Free-text object descriptions:
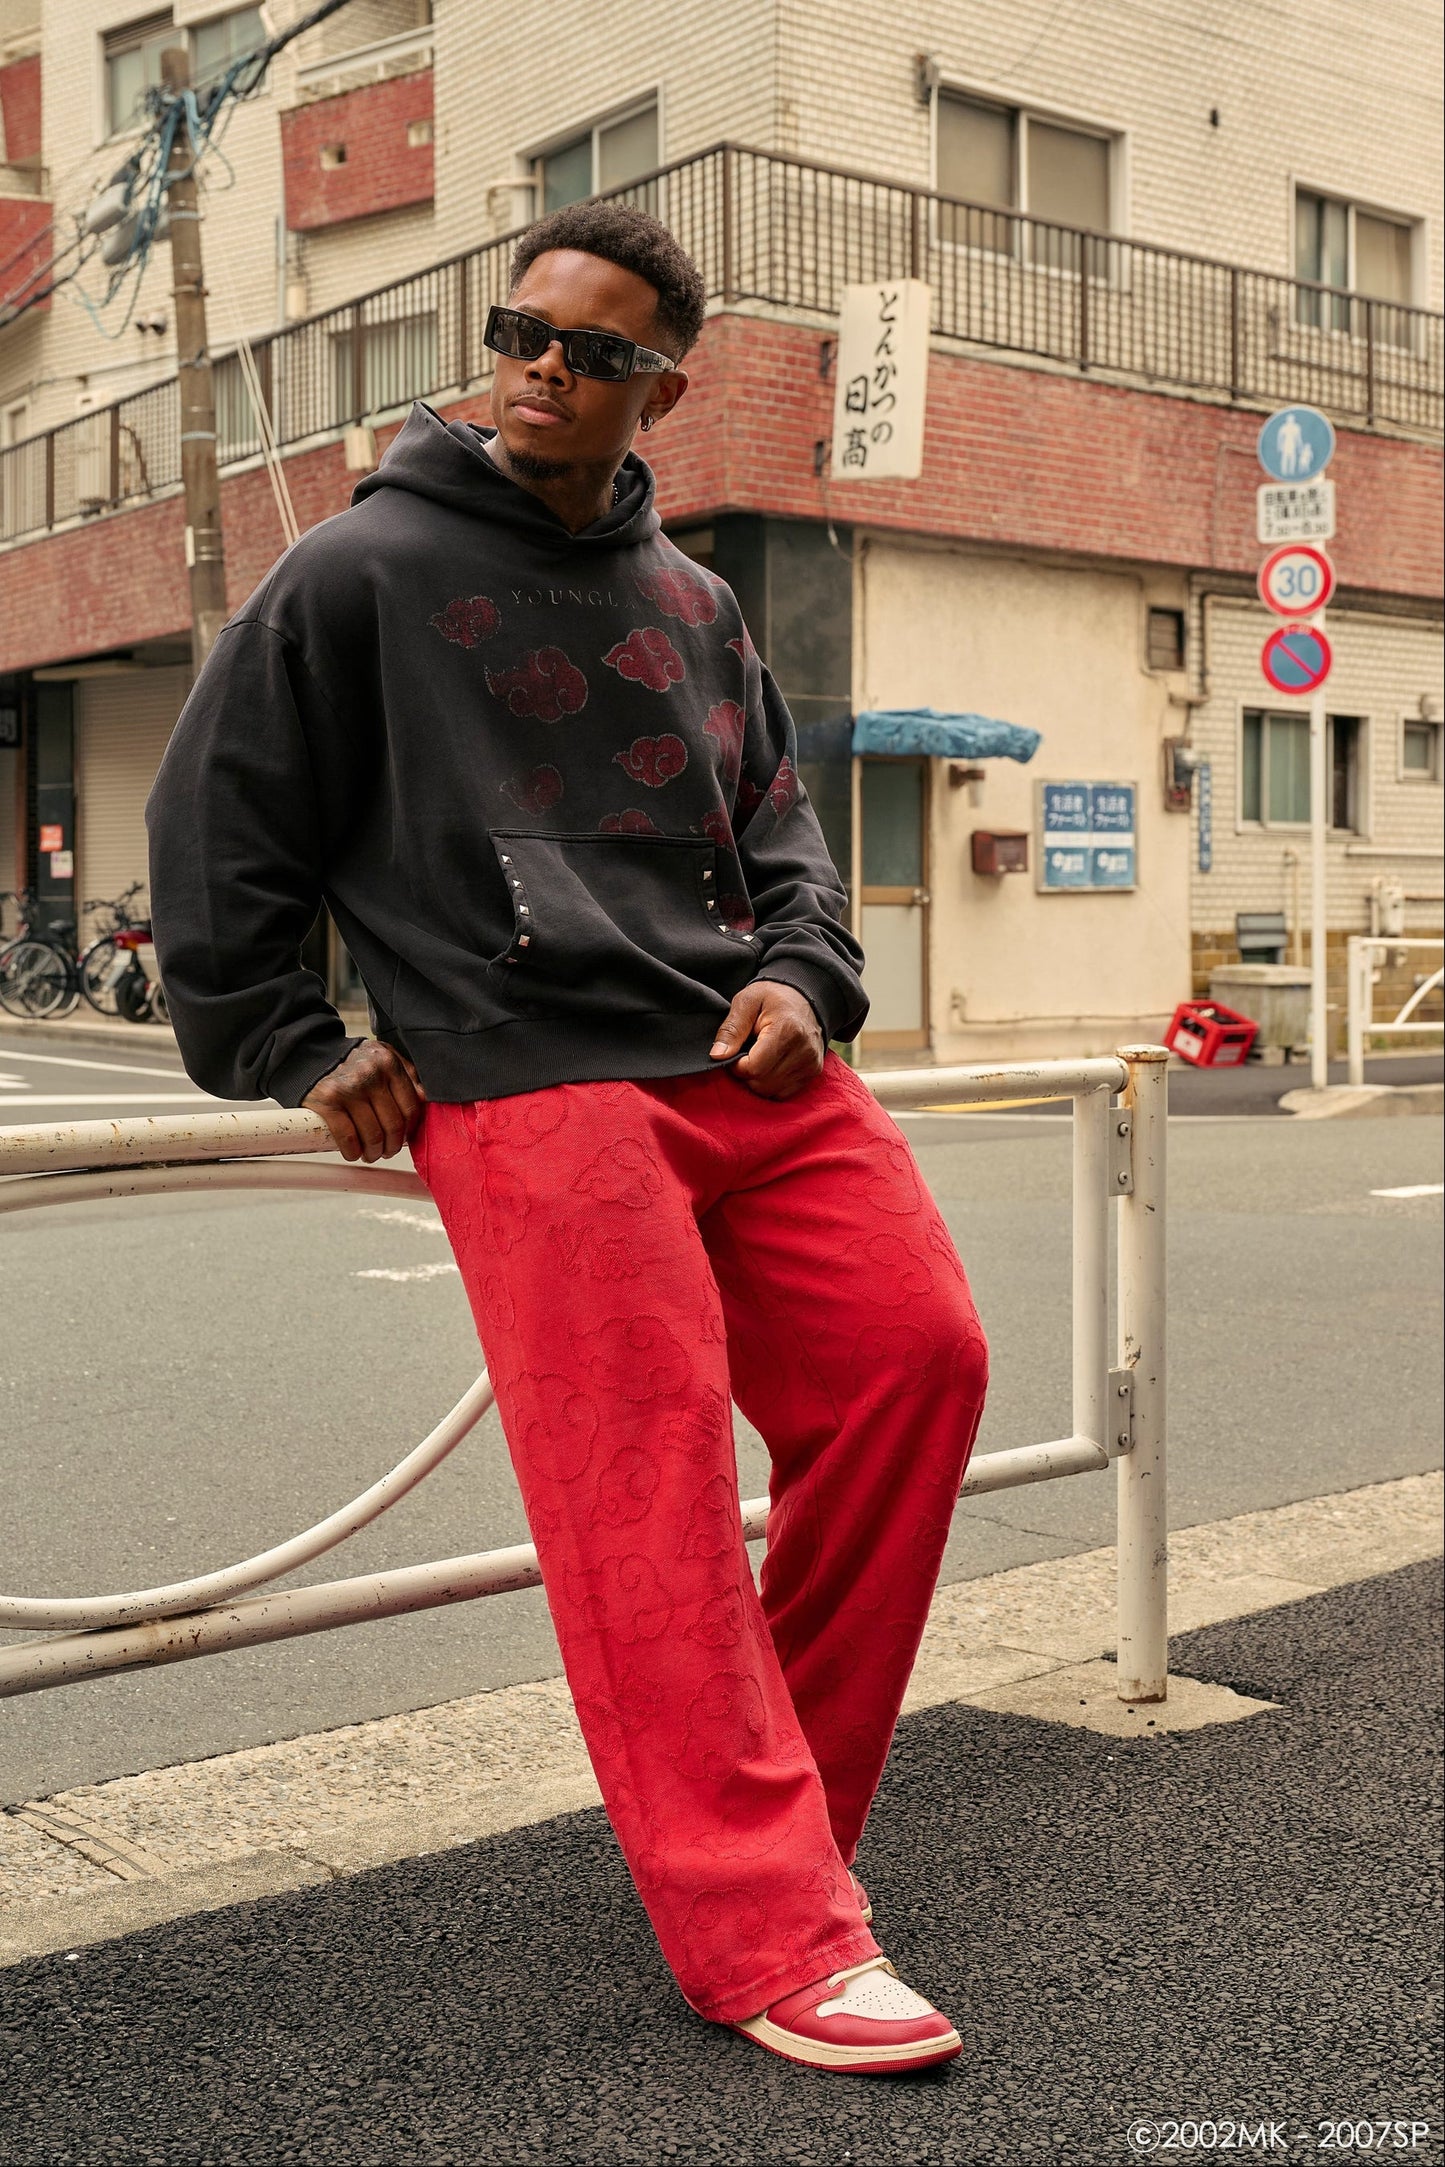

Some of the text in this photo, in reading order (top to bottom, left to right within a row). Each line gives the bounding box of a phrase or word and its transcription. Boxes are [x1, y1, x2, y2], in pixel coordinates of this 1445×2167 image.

[871, 290, 898, 444] とんかつの
[843, 375, 868, 468] 日高
[1277, 564, 1318, 598] 30
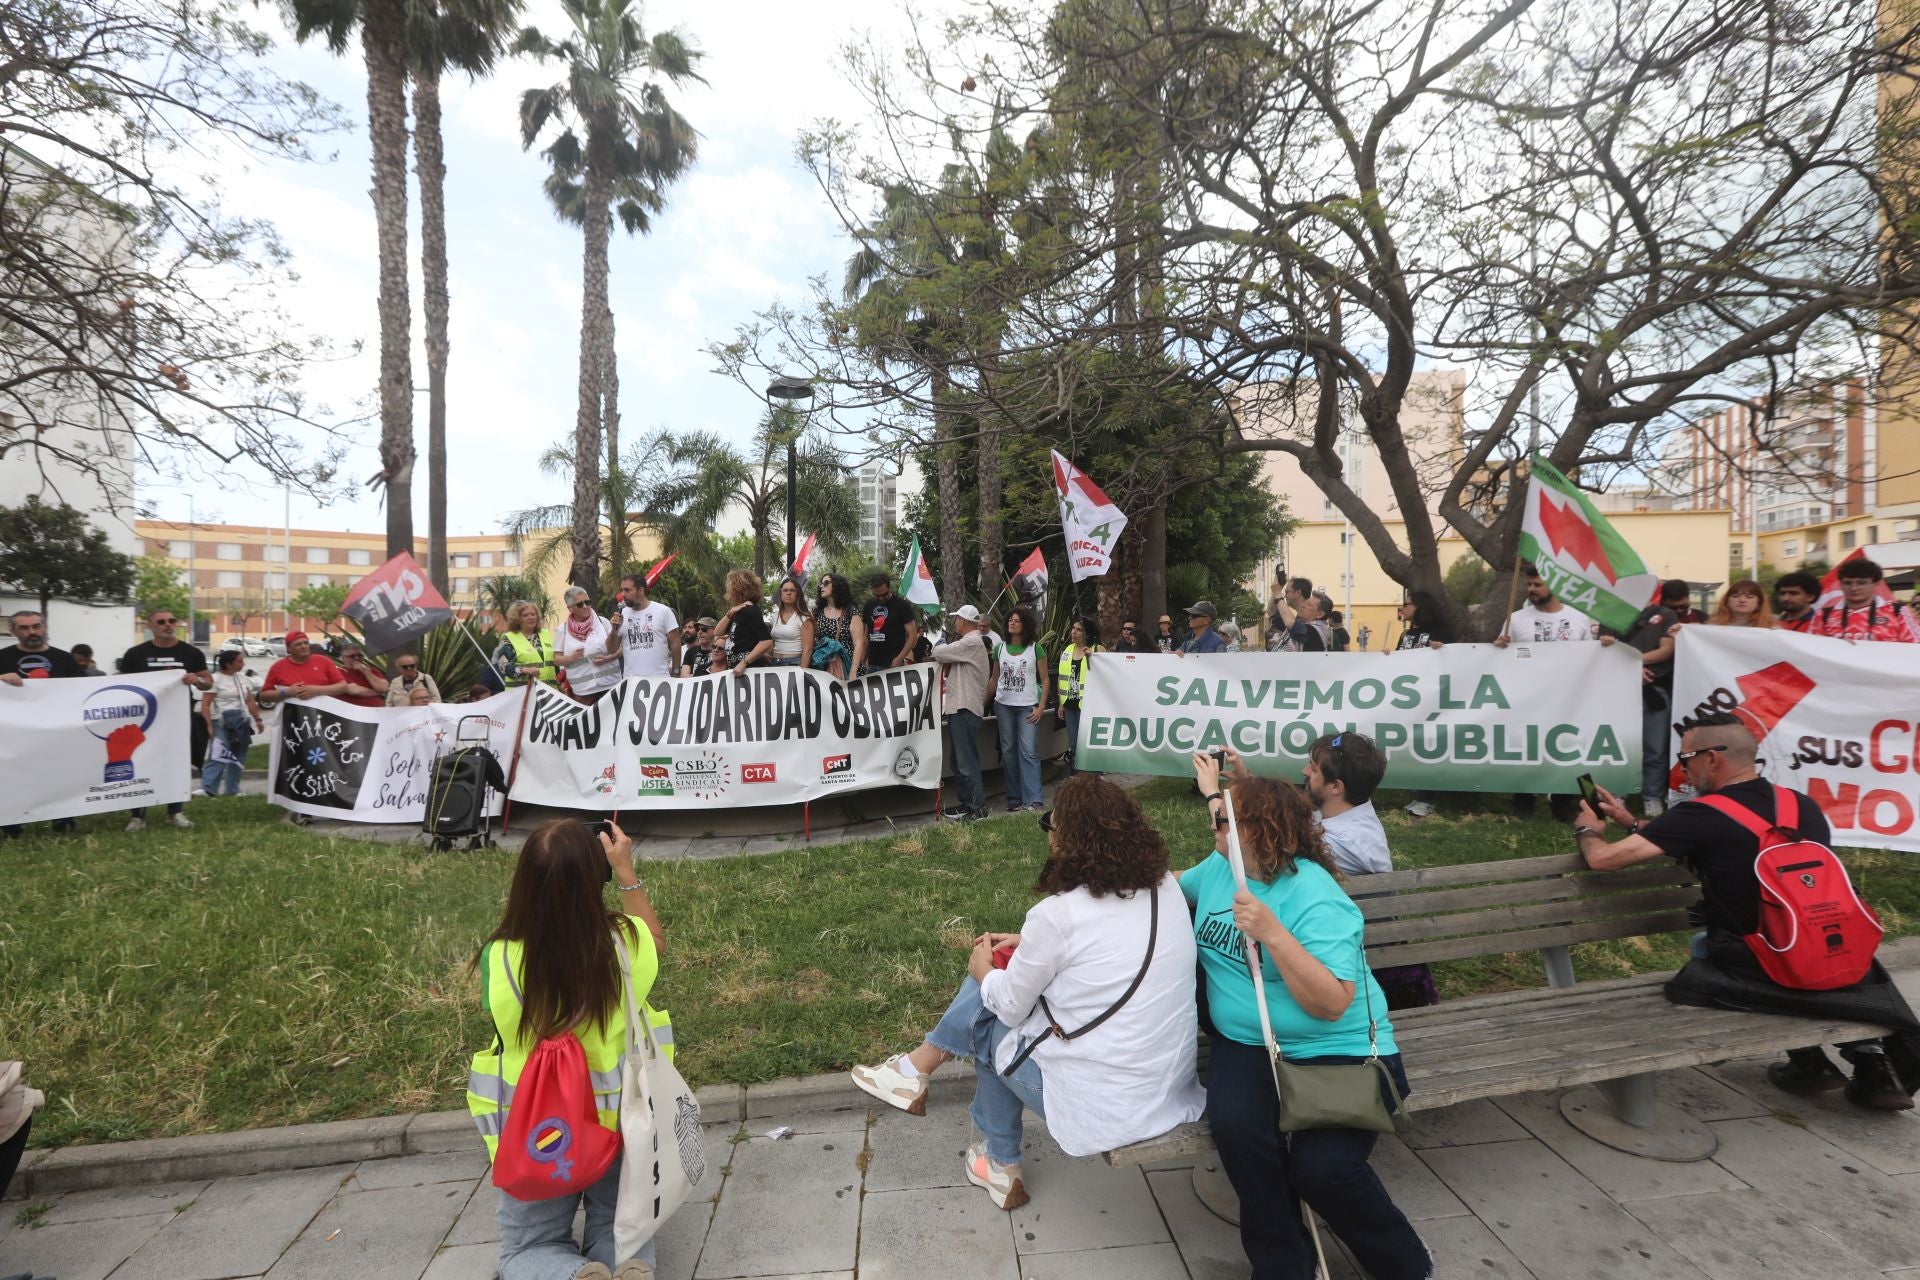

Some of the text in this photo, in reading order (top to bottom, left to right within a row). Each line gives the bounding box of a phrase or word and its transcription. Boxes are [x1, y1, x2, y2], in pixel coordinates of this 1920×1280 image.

■ Exercise prompt ■
Transcribe all the lines above exactly; any image among them is skipped.

■ Written response ■
Some of the text in this photo, in reading order (top to bottom, left to right within a row). Each line gives the bounding box of a phrase or word and its transcription. Boxes are [x1, y1, x2, y2], in pixel coordinates of this 1445×2167 image.

[871, 290, 898, 444] とんかつの
[843, 375, 868, 468] 日高
[1277, 564, 1318, 598] 30

Some of the text in this photo, in reading order (top to bottom, left to right within a row). Each line gives the bounding box of a phrase or word and its transcription. Boxes are [x1, y1, x2, y2], in pixel coordinates of this 1920×1280 image.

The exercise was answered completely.